My first day of college was expectedly terrifying. I was terrifically self-aware—aware of my tie-dye T-shirt; aware that my parents’ comforting words would get me on a plane at 5 p.m.; and aware that I knew no one in a place that was to be my future home. I entered my room to find a bunk bed, hot air, and no fan or ac. But my room was to improve when one of my neighbors asked me to lunch. The conversation we shared was forgettable, but the sheer relief of actually engaging in a conversation with someone who wasn’t my mother or father was overwhelming.
My lunch date belonged to a larger system of neighbors I learned to call my “zee group.” The zee group is made up of 12-20 freshmen and one RCA (Residential College Adviser) who all live in close proximity to one another. I must admit that my zee group had little impact on my freshman year. I’m fairly suspicious when it comes to making friends; I don’t trust social systems of the sort, preferring to instead find my own friends. However, I would learn that other zee groups bonded harder than oxygen and hydrogen.
I surprised myself when I decided to become an RCA for Mathey College. My reasoning wasn’t entirely clear—I felt an undeniable pull to the position. Looking back on it, I think I was sick of the egocentricity of college life. I wanted people to need me on some fundamental level.
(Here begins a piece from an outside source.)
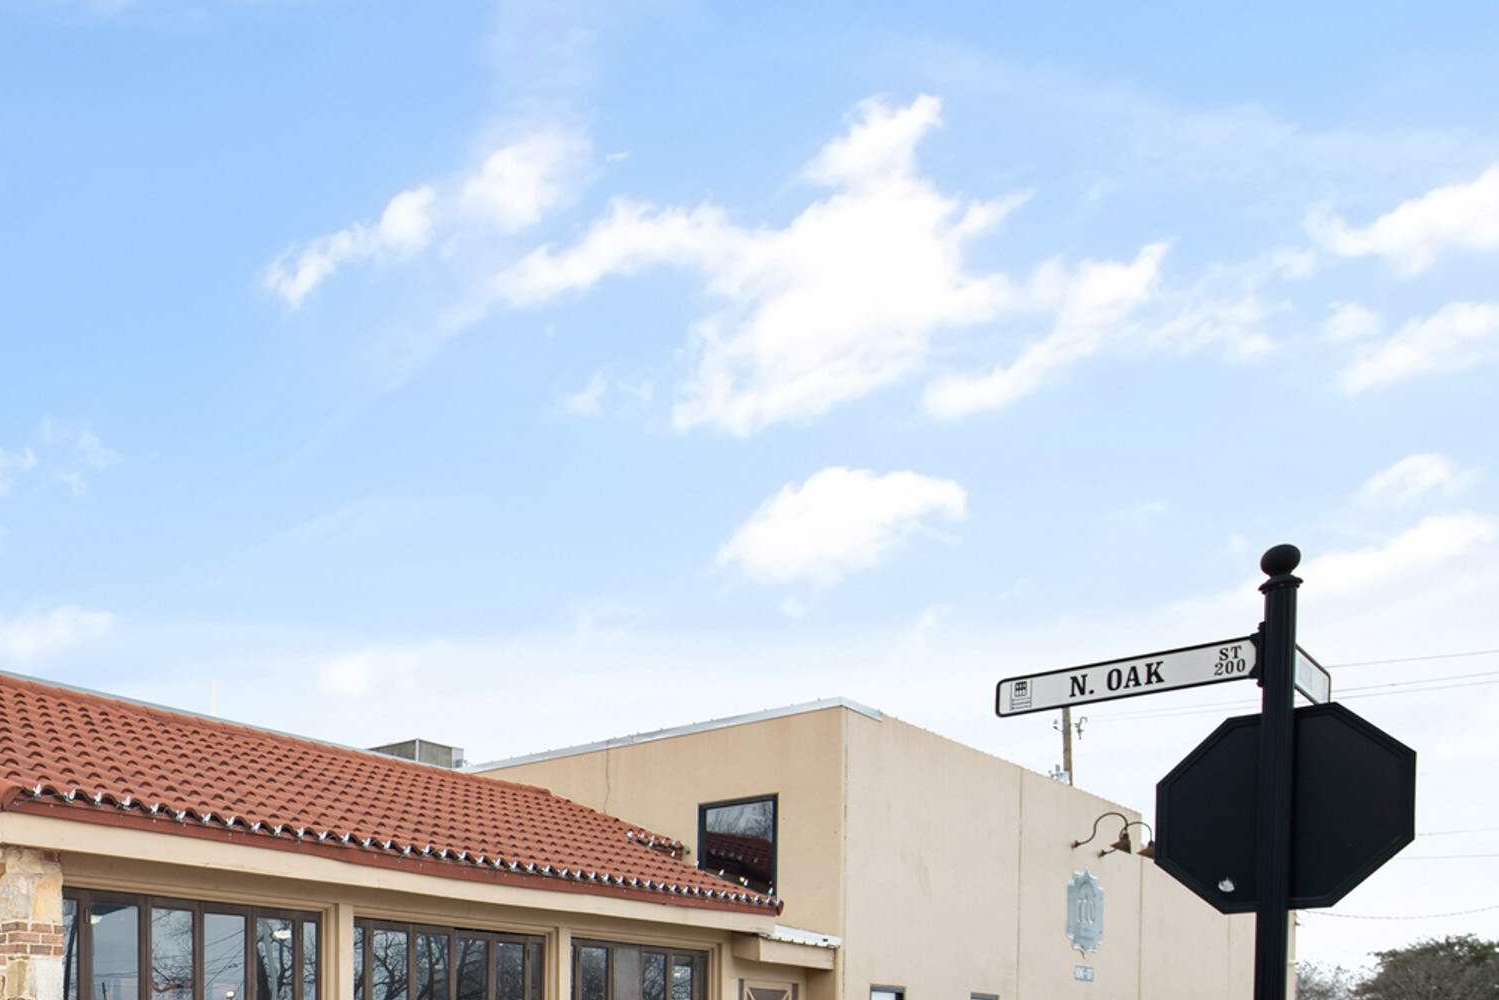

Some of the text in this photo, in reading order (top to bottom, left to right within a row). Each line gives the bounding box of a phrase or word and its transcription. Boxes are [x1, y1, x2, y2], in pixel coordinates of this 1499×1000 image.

Well, I’m three quarters into my first year as an RCA, and so far so good. No deaths. No injuries. Some mangled pride. I like my zee group a lot—16 kids who are extraordinarily different from each other. Throughout the year, I learned wild things about them all. One has, like, 2,200 Twitter followers, and another holds the Ugandan record for the 50m butterfly. But more important, they all treat each other with respect, and they have found solace in being a small part of a larger group. The zee group system is not for everyone, nor is it Princeton telling you whom you should befriend. Rather, it’s a support system. The zee group and RCA are a way of making sure that incoming freshman are never truly alone.